CHICAGO – Chicago may be the next municipality to require employers in the city's limits to provide employees with paid sick leave, meaning employers should begin planning now for the implications of the new rules, including an increased risk of lawsuits, said a trio of local attorneys.
"The preamble to the ordinance details the basis for the ordinance," Alexis Dominguez, Sonya Rosenberg and William Tarnow II, all of Neal, Gerber & Eisenberg LLP in Chicago, said in a joint email. "It includes provisions that in Chicago '43 percent of private sector workers receive no paid sick leave.' The city's comments reference the effect the law will have in the restaurant/hospitality industry, but the new law is not limited and will impact employers in all sectors."
The proposed amendment to Chicago's Minimum Wage Ordinance was introduced April 13 by 16th Ward Chicago Alderman Toni Foulkes and 47th Ward Alderman Ameya Pawar. The proposal would amend Municipal Code Chapter 1-24 and Chapter 2-25 to include paid sick leave provisions within Chicago's Minimum Wage Ordinance.
Under the proposal's provisions, employees working in Chicago's city limits would accrue one hour of paid sick leave for every 40 hours worked. That accrual would begin from the employee's first day on the job or from the ordinance's effective date, which currently is scheduled for July 1, 2017.
Employees exempt from overtime requirements also would accrue sick time, but based on one hour per each assumed 40-hour work week or based on whatever hours are considered normal for their work week, according to the proposed ordinance. It would apply broadly to all employees working at least 80 hours within any 120-day period for employers within the city limits who meets city licensing requirements.
The proposal was passed to Chicago City Council's Committee on Workforce Development and Audit, where it currently remains.
Assuming the proposal passes, Chicago employers need to prepare now for this requirement that may hit next summer, Dominguez, Rosenberg and Tarnow said.
"The ordinance applies to all employers, regardless of size," the trio said. "The ordinance also applies to all employees, provided they work at least 80 hours in a 120-day period. Importantly, this low threshold would be satisfied by an employee working as little as five hours per week."
Reasons employees may take this sick leave can be broad, Dominguez, Rosenberg and Tarnow said.
"Employees can use paid sick leave for their own illness or injury, as well as for the illness and injury of their family members, or if the employee or a member of his or her family is a victim of domestic violence," they said.
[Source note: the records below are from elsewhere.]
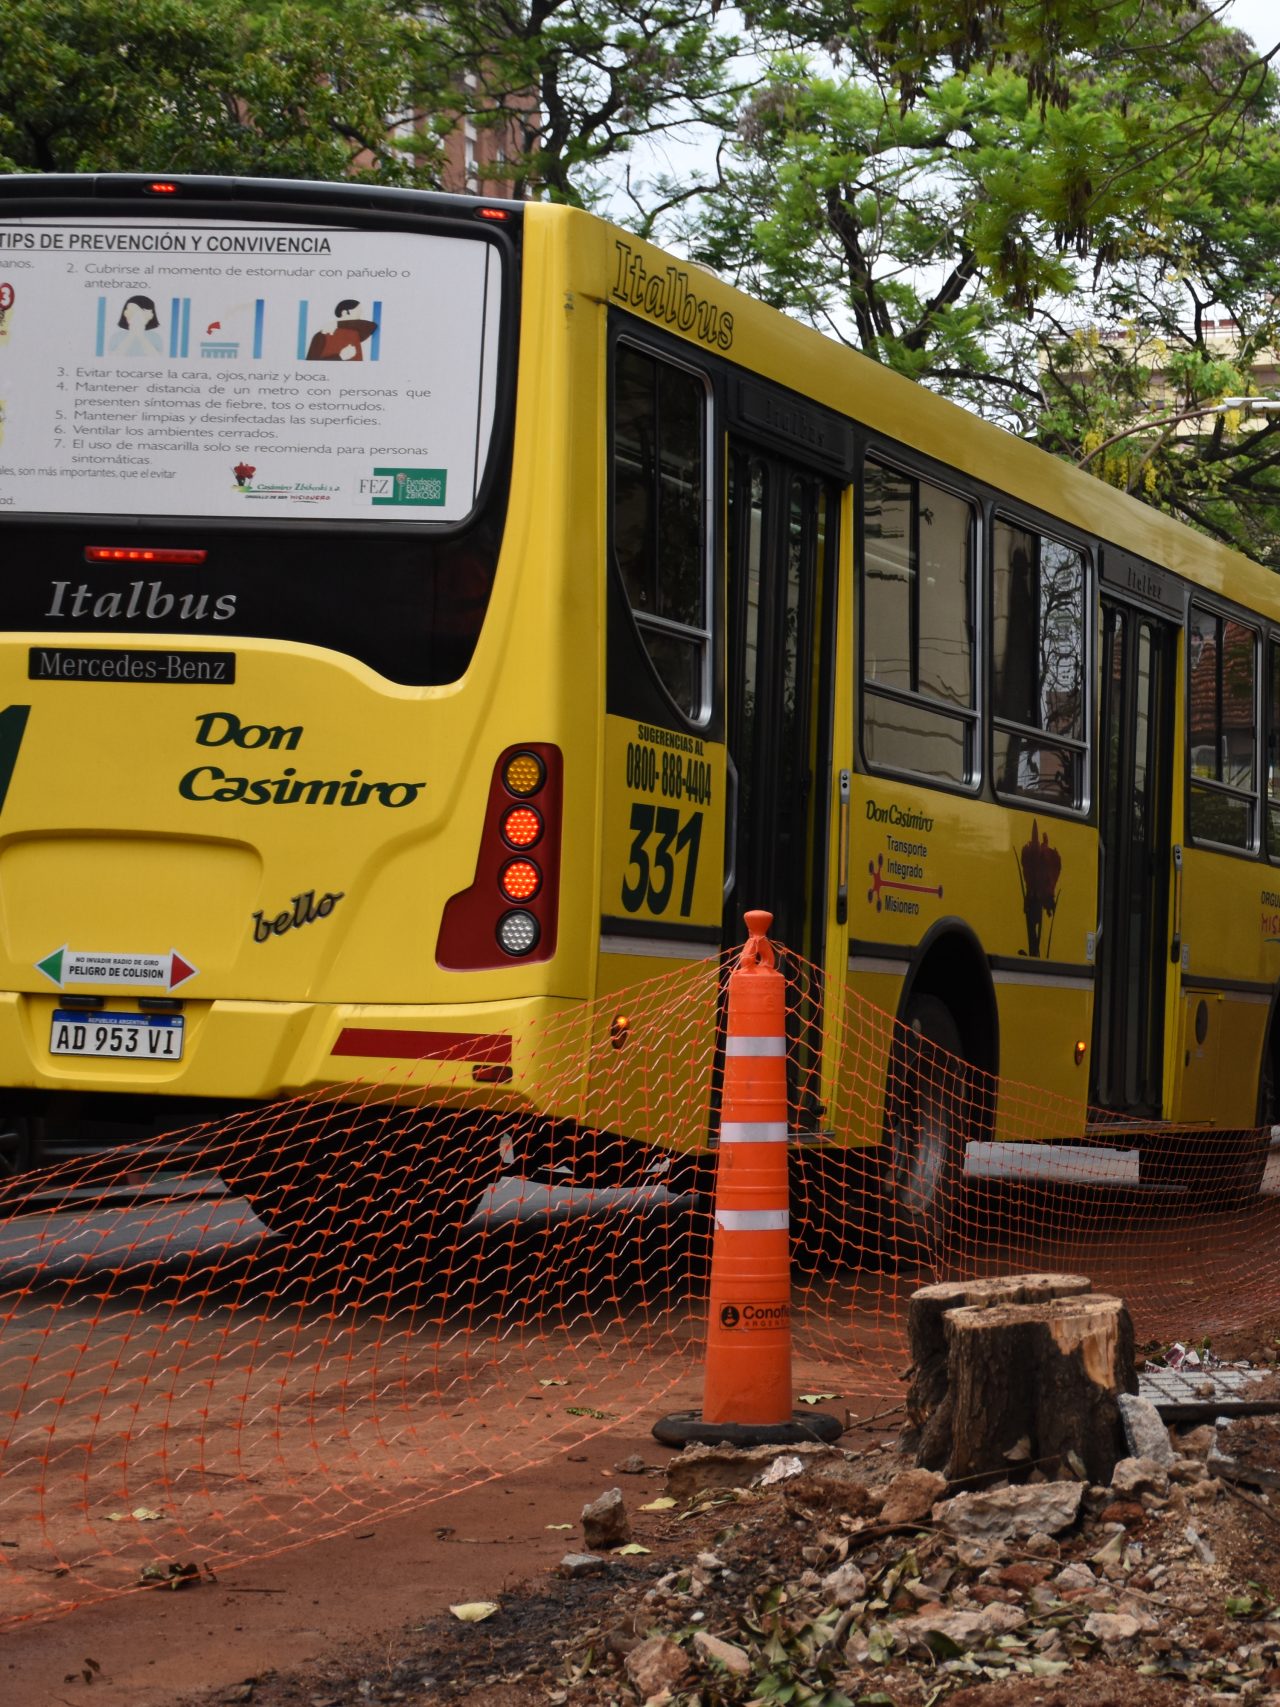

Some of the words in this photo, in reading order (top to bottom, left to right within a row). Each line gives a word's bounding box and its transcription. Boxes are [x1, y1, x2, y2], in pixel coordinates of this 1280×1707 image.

[40, 233, 64, 249] DE
[69, 232, 187, 251] PREVENCIÓN
[192, 236, 202, 251] Y
[206, 236, 332, 253] CONVIVENCIA
[0, 259, 35, 269] anos.
[66, 262, 78, 273] 2.
[84, 263, 140, 275] Cubrirse
[143, 265, 154, 275] al
[158, 266, 222, 276] momento
[225, 266, 241, 276] de
[246, 266, 313, 277] estornudar
[319, 268, 343, 277] con
[347, 267, 397, 280] pañuelo
[401, 270, 411, 278] o
[84, 278, 151, 289] antebrazo.
[612, 240, 734, 351] Italbus
[56, 367, 69, 377] 3.
[75, 367, 112, 378] Evitar
[116, 368, 163, 378] tocarse
[167, 369, 178, 379] la
[283, 374, 290, 383] y
[295, 371, 330, 382] boca.
[55, 382, 68, 392] 4.
[75, 382, 139, 393] Mantener
[146, 383, 201, 394] distancia
[208, 384, 226, 394] de
[233, 386, 250, 395] un
[258, 385, 299, 396] metro
[306, 387, 331, 396] con
[339, 388, 399, 398] personas
[406, 389, 432, 398] que
[74, 398, 140, 408] presenten
[144, 398, 201, 409] síntomas
[204, 399, 222, 409] de
[271, 401, 291, 410] tos
[295, 402, 304, 410] o
[308, 401, 385, 412] estornudos.
[55, 410, 67, 421] 5.
[73, 410, 138, 422] Mantener
[141, 411, 185, 424] limpias
[188, 415, 196, 424] y
[200, 413, 286, 425] desinfectadas
[289, 415, 306, 425] las
[310, 415, 382, 427] superficies.
[54, 424, 66, 434] 6.
[73, 424, 122, 435] Ventilar
[125, 425, 144, 436] los
[149, 426, 214, 437] ambientes
[218, 427, 279, 438] cerrados.
[53, 438, 65, 449] 7.
[72, 439, 84, 449] El
[88, 441, 112, 450] uso
[116, 440, 133, 450] de
[137, 440, 199, 452] mascarilla
[203, 442, 231, 452] solo
[235, 444, 250, 453] se
[254, 443, 332, 454] recomienda
[336, 446, 365, 456] para
[369, 446, 429, 456] personas
[18, 468, 36, 476] son
[38, 467, 57, 477] más
[119, 470, 138, 480] que
[140, 468, 149, 478] el
[150, 469, 177, 479] evitar
[406, 477, 441, 486] Fundación
[360, 479, 389, 494] FEZ
[406, 485, 441, 493] EDUARDO
[45, 581, 238, 621] Italbus
[39, 652, 226, 681] Mercedes-Benz
[195, 712, 304, 751] Don
[637, 724, 694, 754] SUGERENCIAS
[693, 740, 704, 756] AL
[178, 765, 426, 808] Casimiro
[886, 834, 928, 858] Transporte
[621, 802, 704, 918] 331
[887, 858, 923, 880] Integrado
[884, 894, 919, 916] Misionero
[252, 888, 345, 944] bello
[69, 965, 107, 977] PELIGRO
[108, 967, 120, 977] DE
[122, 967, 164, 979] COLISION
[56, 1025, 87, 1050] AD
[95, 1026, 140, 1053] 953
[148, 1029, 174, 1055] VI
There also are a number of employment-related litigation risks that could arise from the ordinance, Dominguez, Rosenberg and Tarnow said.
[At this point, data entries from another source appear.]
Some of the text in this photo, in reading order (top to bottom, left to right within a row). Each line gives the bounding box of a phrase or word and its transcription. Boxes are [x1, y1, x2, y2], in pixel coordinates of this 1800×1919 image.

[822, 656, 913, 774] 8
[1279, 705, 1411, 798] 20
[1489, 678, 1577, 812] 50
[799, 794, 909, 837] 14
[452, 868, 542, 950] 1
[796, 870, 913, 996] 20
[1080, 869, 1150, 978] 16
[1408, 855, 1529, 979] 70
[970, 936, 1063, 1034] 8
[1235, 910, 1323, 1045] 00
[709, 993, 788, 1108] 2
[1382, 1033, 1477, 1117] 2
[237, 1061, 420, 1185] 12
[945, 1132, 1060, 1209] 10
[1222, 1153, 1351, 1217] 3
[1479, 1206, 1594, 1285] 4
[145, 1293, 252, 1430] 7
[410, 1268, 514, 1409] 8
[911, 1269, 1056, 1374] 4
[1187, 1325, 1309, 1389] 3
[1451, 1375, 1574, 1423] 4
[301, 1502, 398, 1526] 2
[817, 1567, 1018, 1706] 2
"The employment-related risks associated with paid sick leave ordinances arise from noncompliance," they said. "Employers may not be aware of the ordinance or may incorrectly assume the ordinance does not apply to their workforce. Failure to provide paid sick leave to employees may result in costly litigation and serious civil penalties. For example, employees may recover damages equal to three times the full amount of any unpaid sick leave denied or lost as a result of a violation of the proposed ordinance, as well as interest on that amount calculated at the prevailing rate, costs and reasonable attorneys’ fees. Accordingly, it is imperative that employers familiarize themselves with the proposed ordinance and prepare to make any necessary changes to their policies and practices."
The trio also pointed to cities and states, including Jersey City, New York City, San Francisco, Seattle, Portland and California, which already have enacted paid sick leave rules similar to Chicago’s proposed ordinance.
"Because all these laws are relatively new, we have yet to see courts grapple with alleged violations," the three said. "As additional laws go into effect around the country, we expect to see litigation in this area."